→ **WHAT IS EXPECTED**:
Please restate the entries below word for word, leaving out any pictures.

........

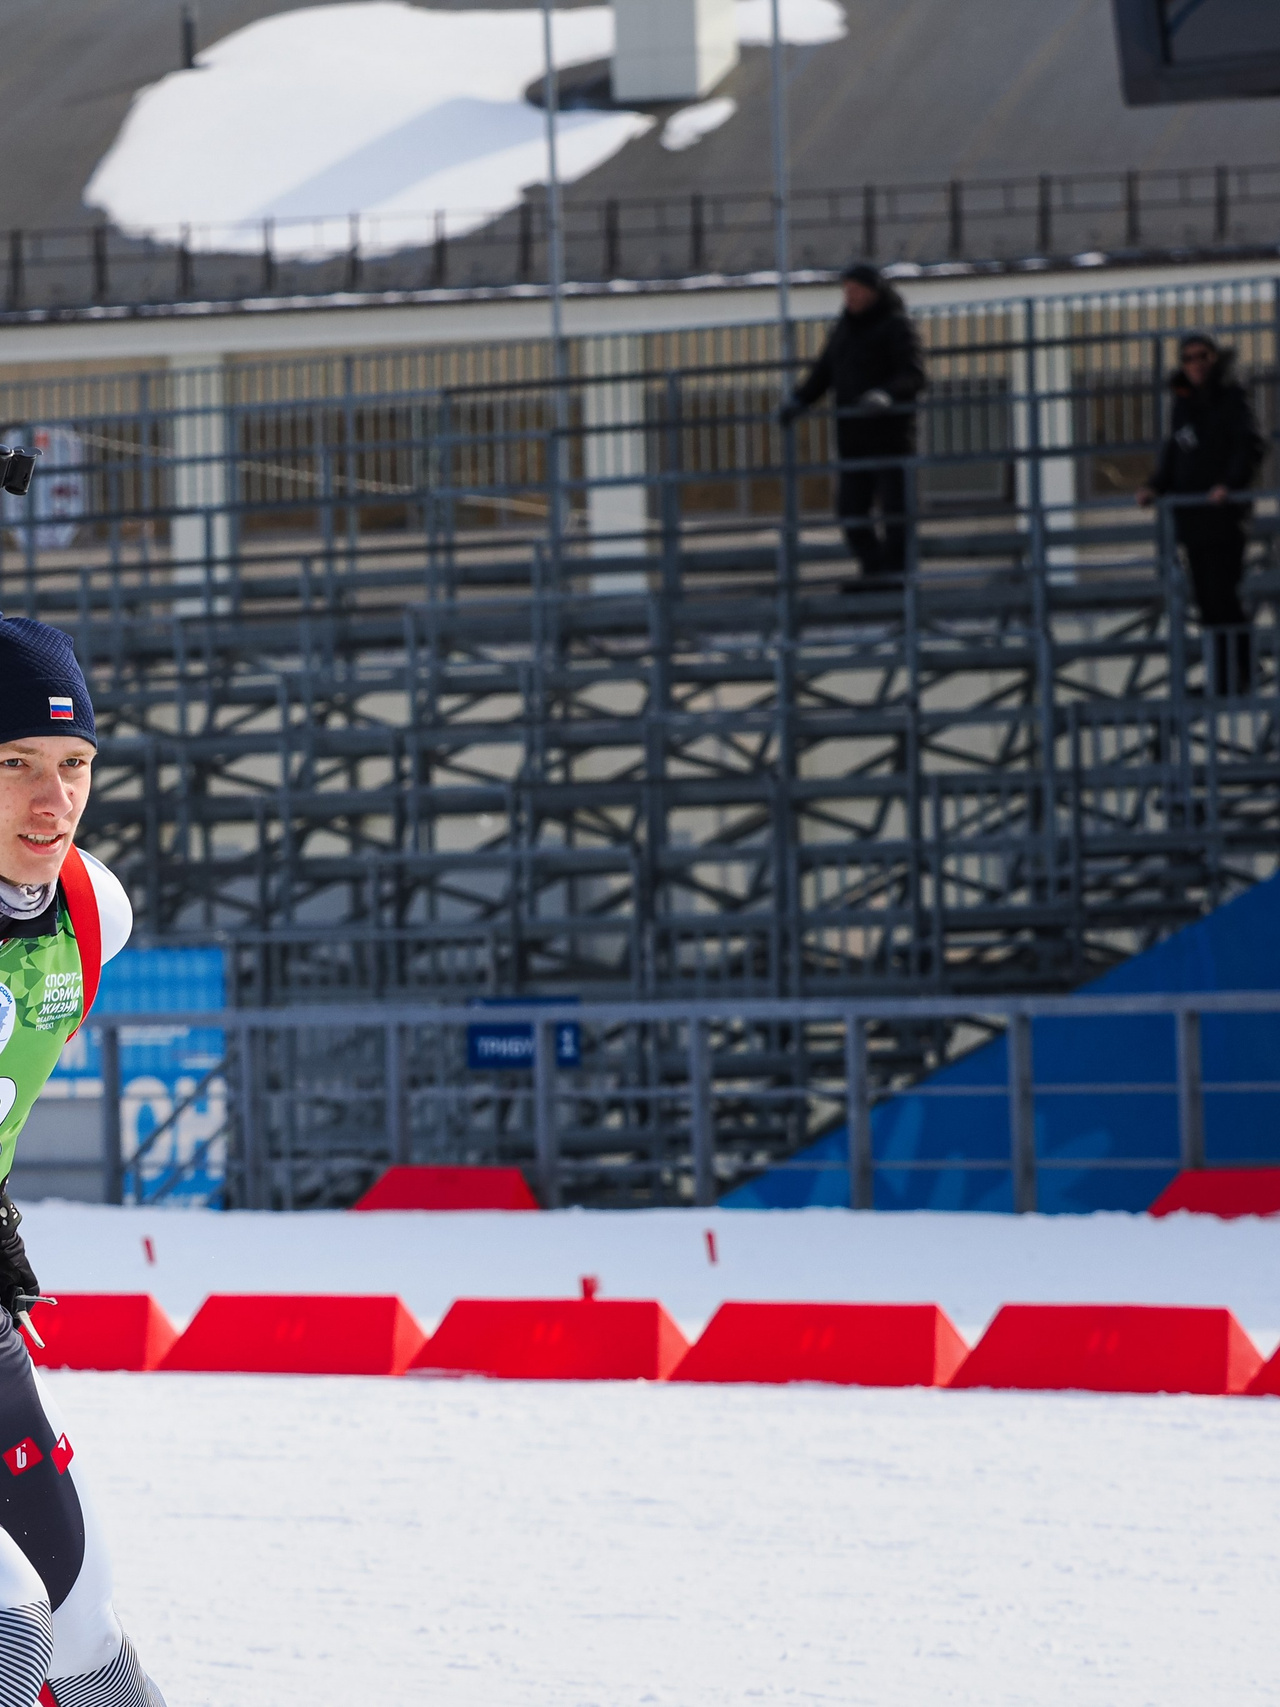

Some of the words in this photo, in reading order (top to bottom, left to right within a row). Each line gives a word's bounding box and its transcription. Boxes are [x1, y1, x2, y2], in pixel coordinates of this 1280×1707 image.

[43, 985, 81, 1003] НОРМА
[38, 1000, 79, 1016] ЖИЗНИ
[35, 1022, 54, 1032] ПРОЕКТ
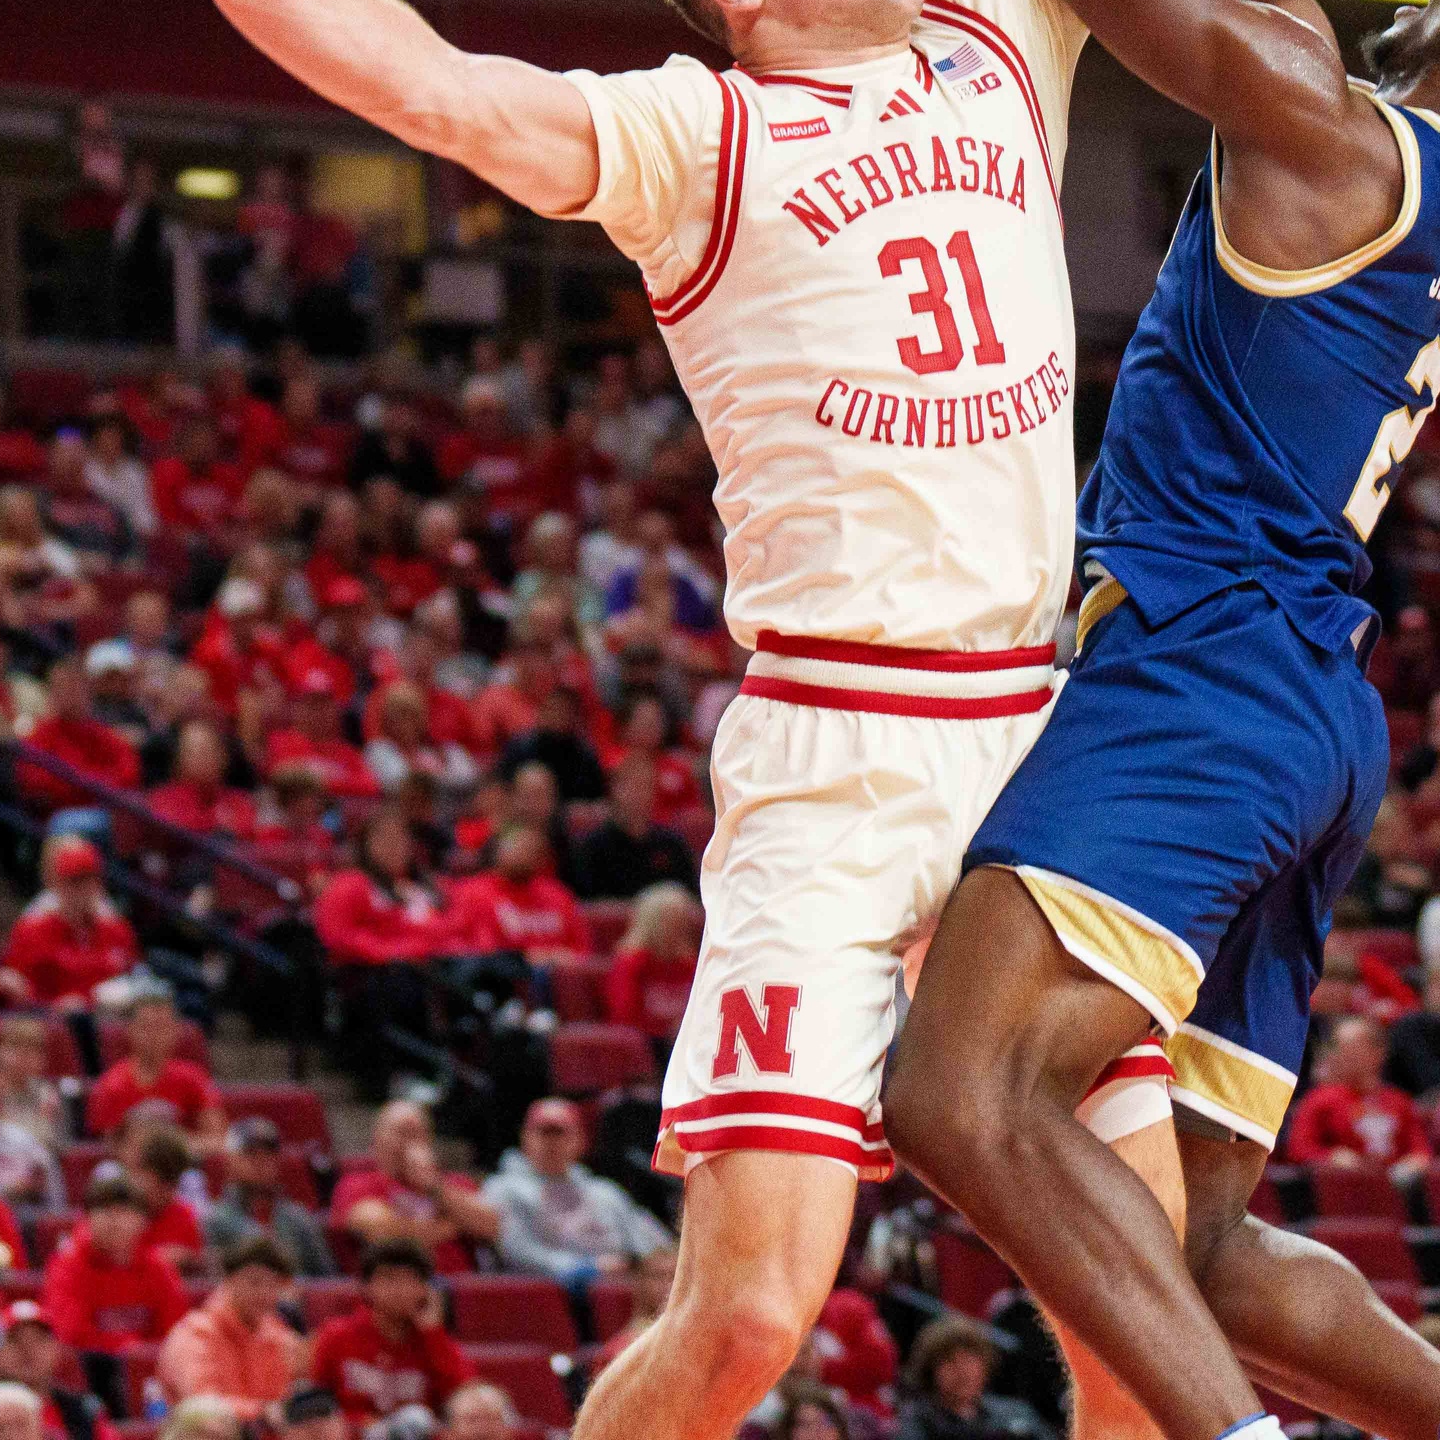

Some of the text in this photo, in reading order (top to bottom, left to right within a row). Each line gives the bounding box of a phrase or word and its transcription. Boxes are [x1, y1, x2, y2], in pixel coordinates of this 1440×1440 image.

[772, 121, 828, 139] GRADUATE
[782, 135, 1028, 247] NEBRASKA
[877, 230, 1006, 375] 31
[815, 350, 1071, 448] CORNHUSKERS
[711, 981, 803, 1084] N
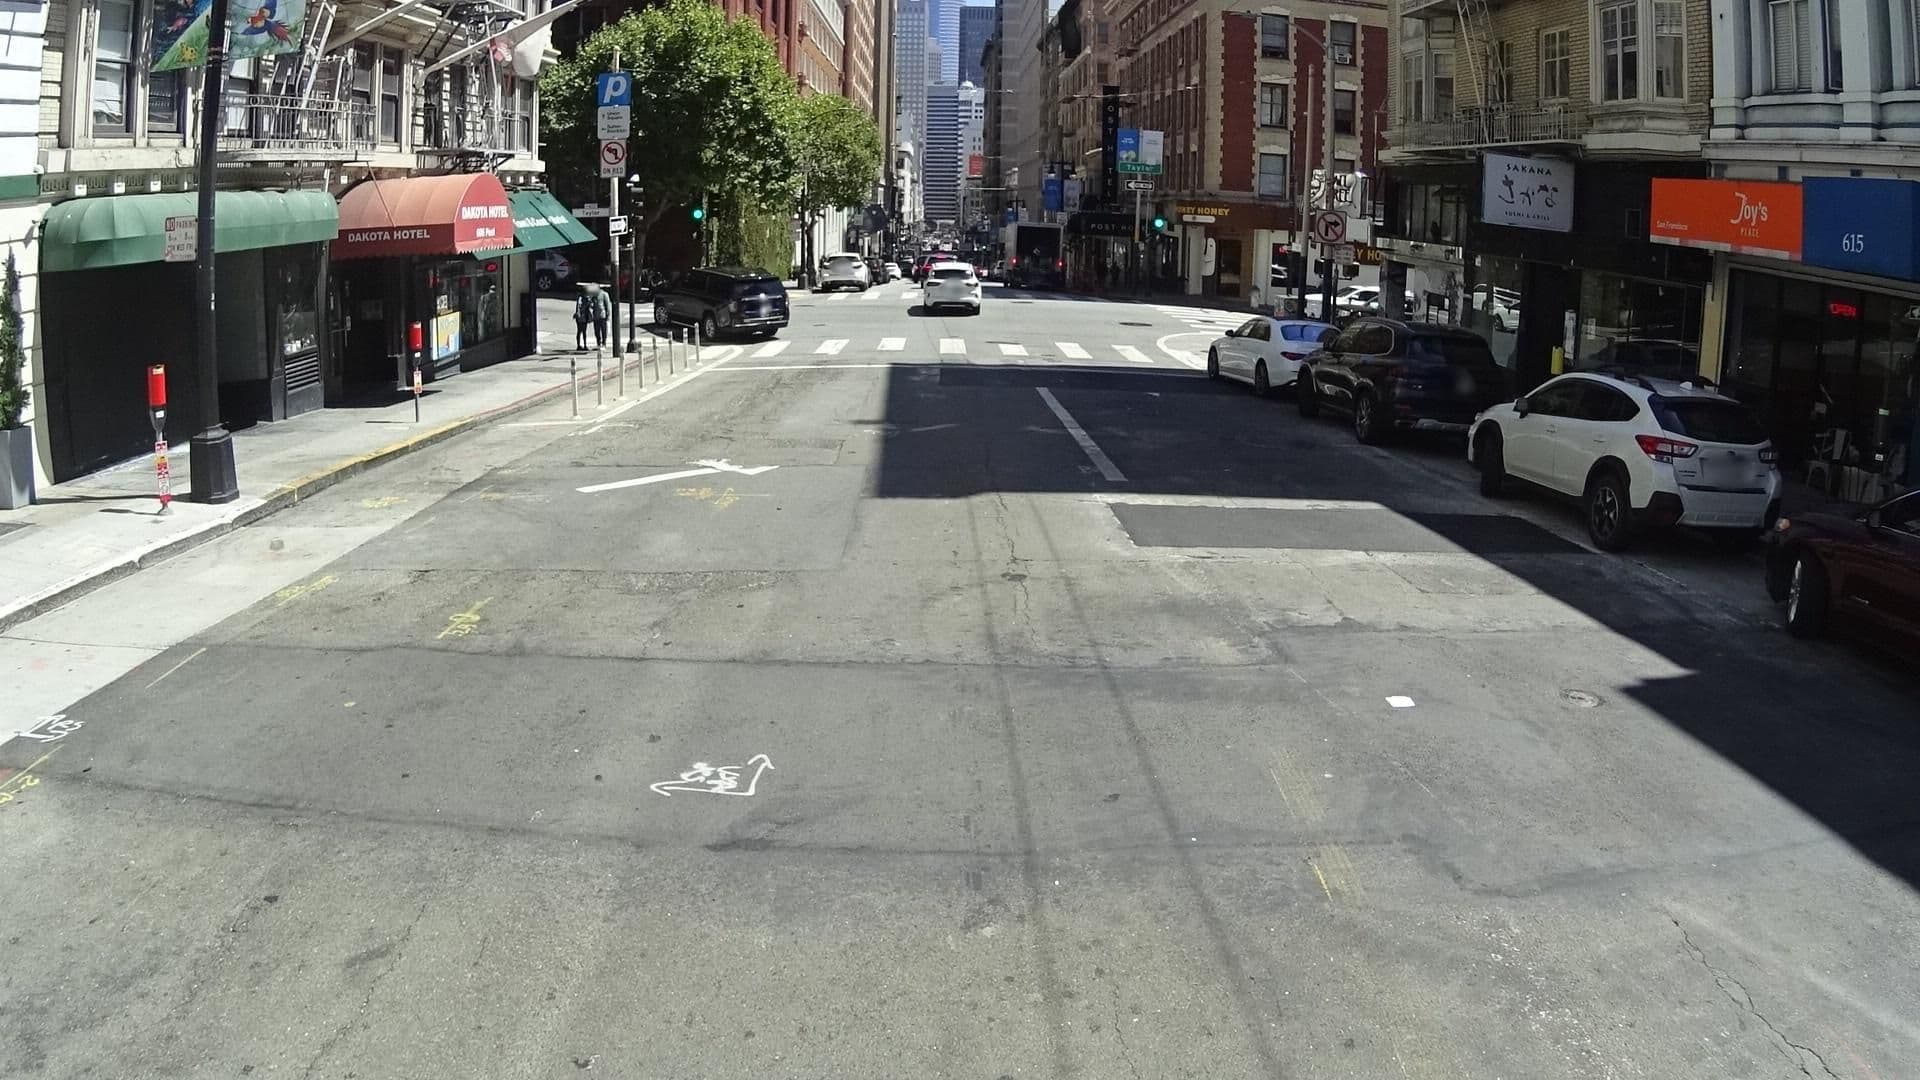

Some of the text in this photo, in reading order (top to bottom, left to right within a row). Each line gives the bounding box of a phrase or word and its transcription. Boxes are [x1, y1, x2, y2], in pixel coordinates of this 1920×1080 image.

[603, 75, 627, 104] P
[611, 166, 624, 174] RED
[1506, 163, 1552, 176] SAKANA
[461, 204, 509, 220] DAKOTA HOTEL
[1197, 206, 1231, 216] HONEY
[1730, 191, 1769, 226] Joy's
[1090, 223, 1116, 232] POST
[1740, 227, 1760, 238] PLACE
[348, 228, 431, 242] DAKOTA HOTEL
[1842, 232, 1864, 253] 615
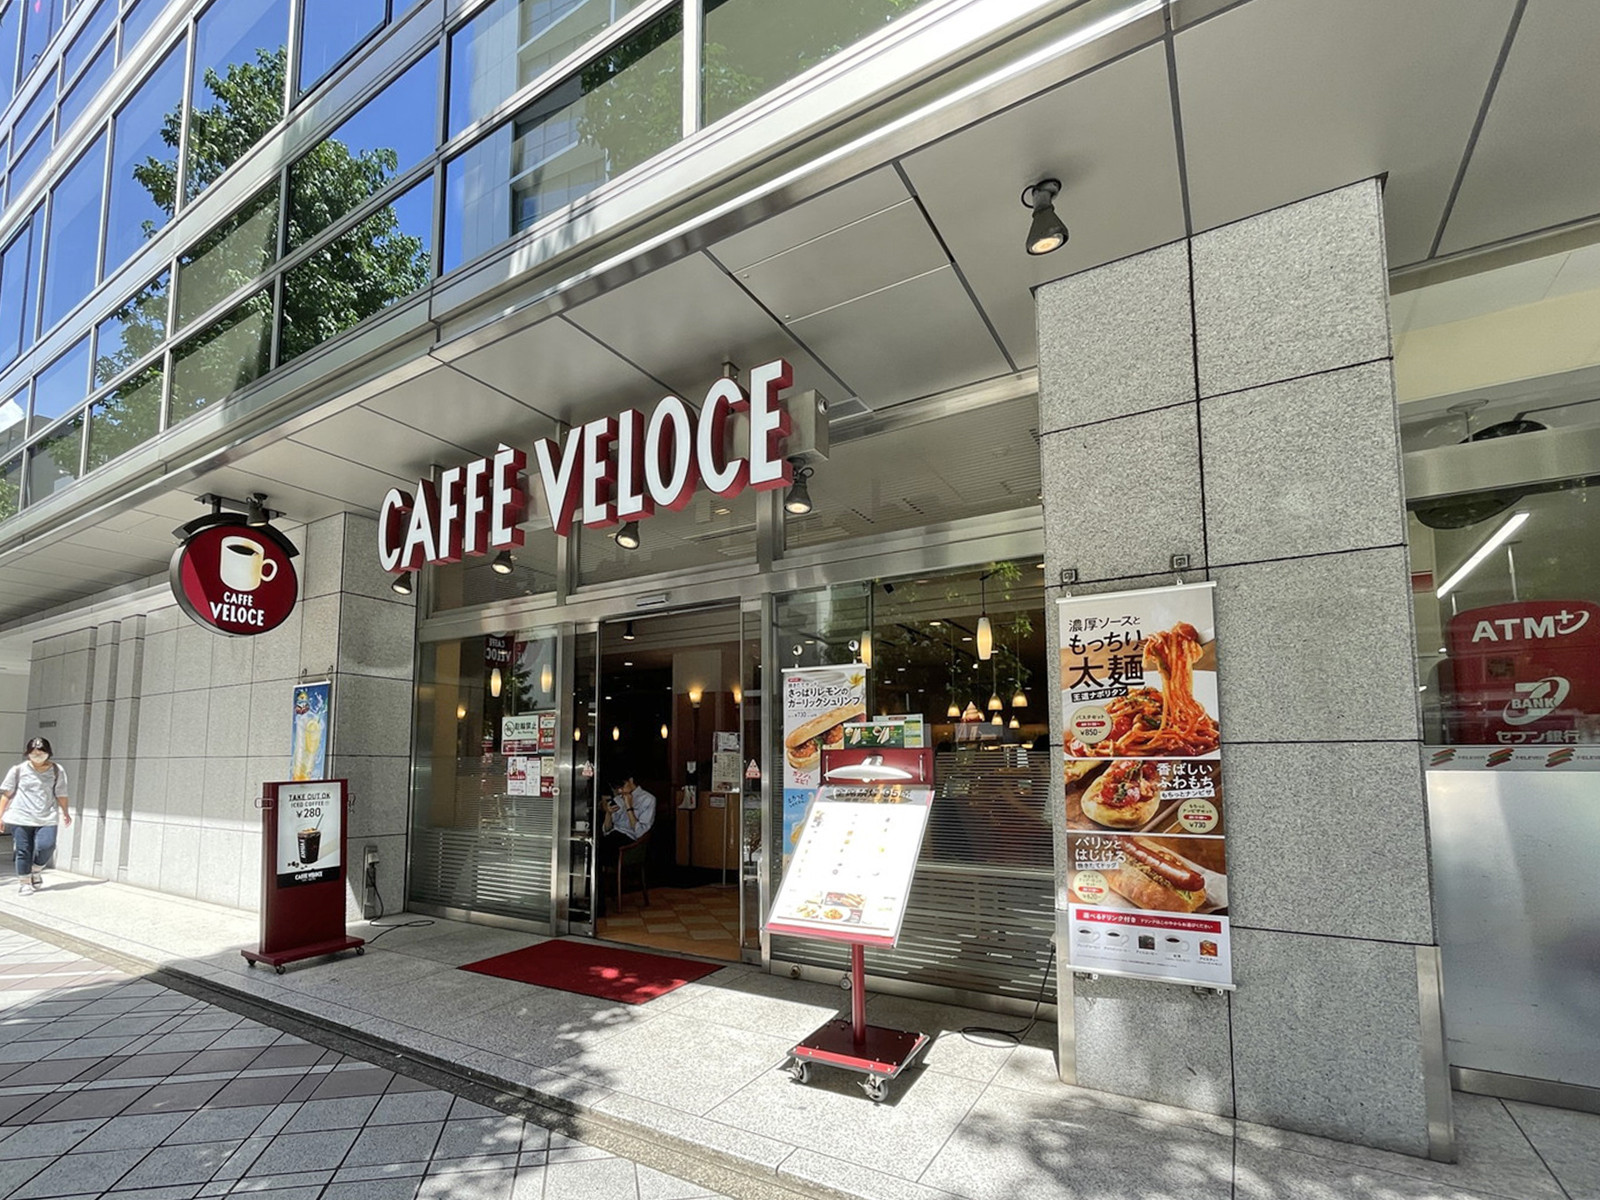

........

→ **EXPECTED OUTPUT**:
Some of the words in this photo, in reading order (top to bottom, left to right within a row). Each line gives a word's bounding box and its transcription. Boxes are [x1, y1, x2, y2], in pixel coordinates of this 1280×1707 image.

[43, 985, 81, 1003] НОРМА
[38, 1000, 79, 1016] ЖИЗНИ
[35, 1022, 54, 1032] ПРОЕКТ

Some of the text in this photo, in reading order (top to bottom, left to right within a row). Each line gives the bounding box of a phrase or word and its transcription. Boxes are [x1, y1, x2, y2], in pixel coordinates of this 1440×1440 image.

[772, 121, 828, 139] GRADUATE
[782, 135, 1028, 247] NEBRASKA
[877, 230, 1006, 375] 31
[815, 350, 1071, 448] CORNHUSKERS
[711, 981, 803, 1084] N

Some of the text in this photo, in reading order (top to bottom, left to right within a row). Each line gives the bounding box of a phrase or word and its transcription. Boxes are [x1, y1, x2, y2], in pixel coordinates of this 1920×1080 image.

[603, 75, 627, 104] P
[611, 166, 624, 174] RED
[1506, 163, 1552, 176] SAKANA
[461, 204, 509, 220] DAKOTA HOTEL
[1197, 206, 1231, 216] HONEY
[1730, 191, 1769, 226] Joy's
[1090, 223, 1116, 232] POST
[1740, 227, 1760, 238] PLACE
[348, 228, 431, 242] DAKOTA HOTEL
[1842, 232, 1864, 253] 615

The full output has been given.